Pompei, nuove scoperte all’Orto dei Fuggiaschi: una vittima era un medico
A Pompei, a oltre sessant’anni dallo scavo dell’Orto dei Fuggiaschi, una nuova scoperta permette di attribuire un’identità professionale a una delle vittime dell’eruzione del Vesuvio del 79 d.C.: si trattava probabilmente di un medico, sorpreso dalla tragedia mentre tentava la fuga con i propri strumenti di lavoro.
La scoperta nasce dallo studio di un piccolo astuccio rimasto all’interno del calco di una delle persone ritrovate nell’area scavata nel 1961 sotto la direzione di Amedeo Maiuri, dove furono rinvenuti i resti di quattordici fuggiaschi colti dalla nube piroclastica.

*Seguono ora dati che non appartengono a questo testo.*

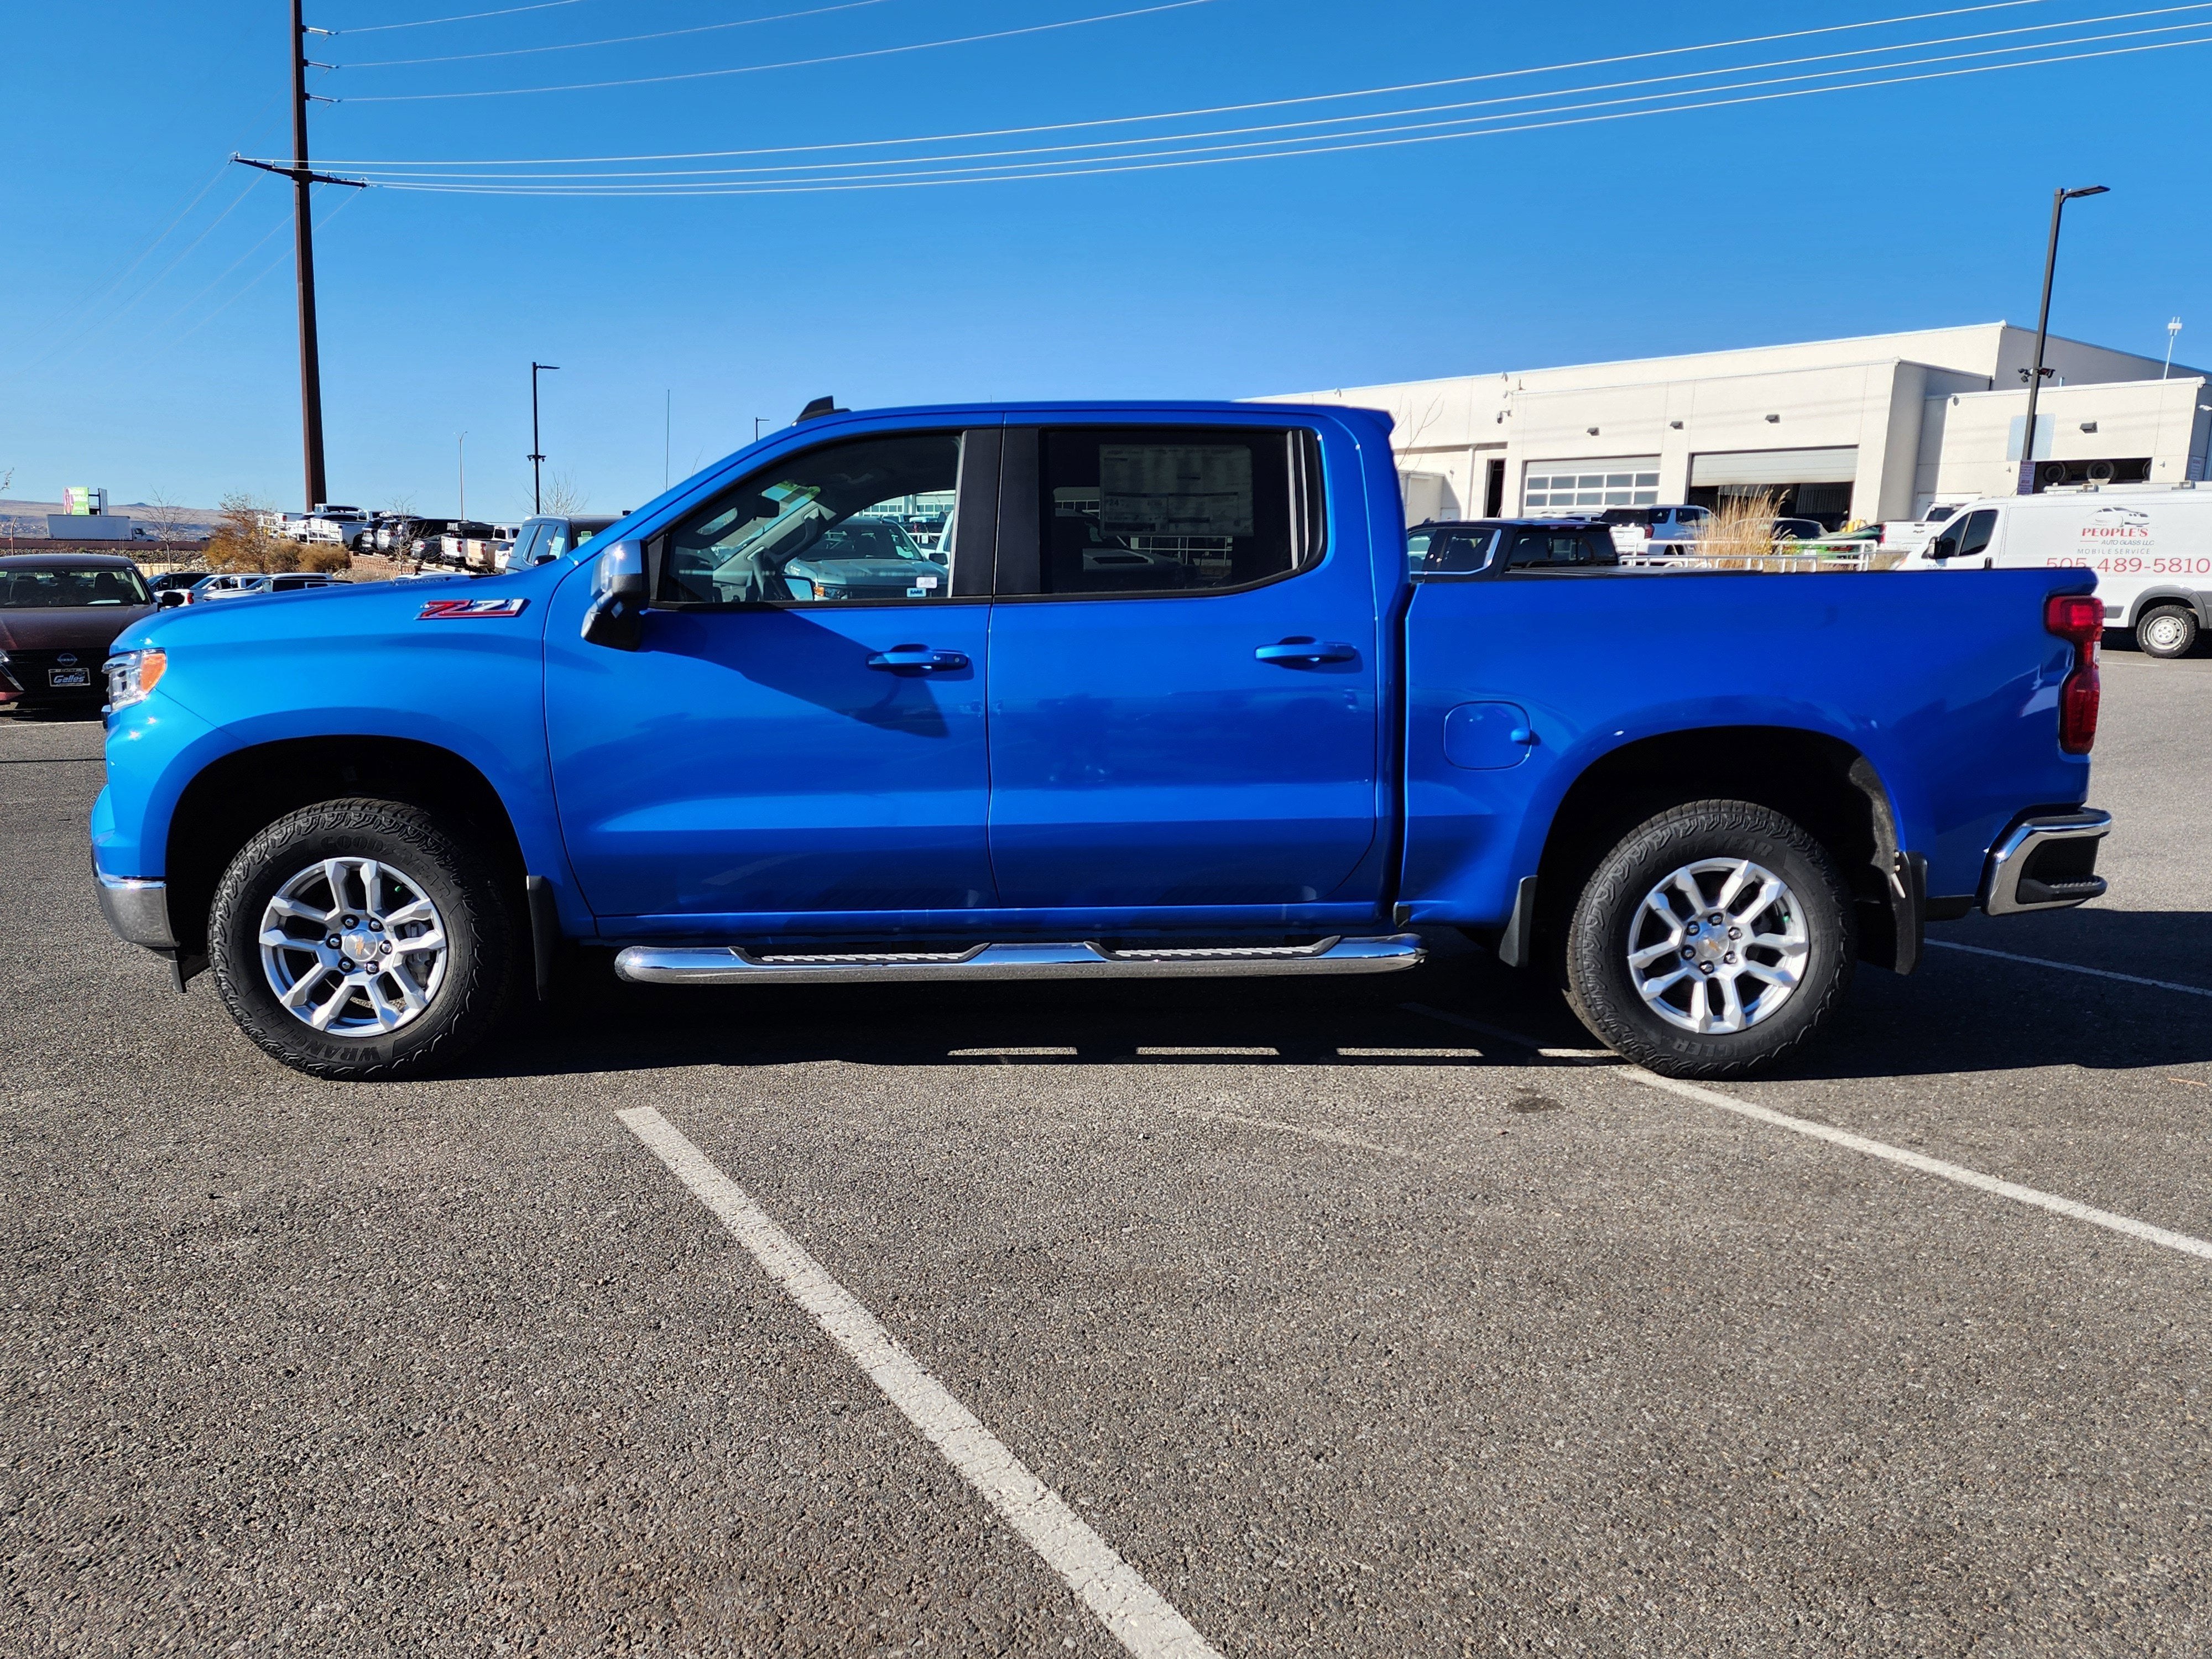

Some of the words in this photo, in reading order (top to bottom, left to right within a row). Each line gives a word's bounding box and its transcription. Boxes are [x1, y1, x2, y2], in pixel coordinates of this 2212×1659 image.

[2081, 528, 2149, 537] PEOPLE'S
[2046, 557, 2210, 573] 505-489-5810
[414, 598, 530, 620] Z71
[54, 675, 85, 684] Galles
[320, 834, 451, 900] GOODYEAR
[256, 1000, 382, 1062] WRANGLER

Le analisi recenti, condotte sui reperti conservati nei depositi del Parco Archeologico di Pompei, hanno riportato alla luce un corredo personale di grande interesse: una piccola cassetta con elementi metallici, una borsa con monete in bronzo e argento e strumenti compatibili con un kit medico.
Le indagini diagnostiche, realizzate con radiografie e tomografie presso la Casa di Cura Maria Rosaria di Pompei, hanno individuato nella cassetta una lastra in ardesia utilizzata per la preparazione di sostanze mediche o cosmetiche, insieme a piccoli strumenti metallici riconducibili a utensili chirurgici. Elementi che rafforzano l’ipotesi che la vittima fosse un medicus, offrendo un raro indizio sulla sua professione.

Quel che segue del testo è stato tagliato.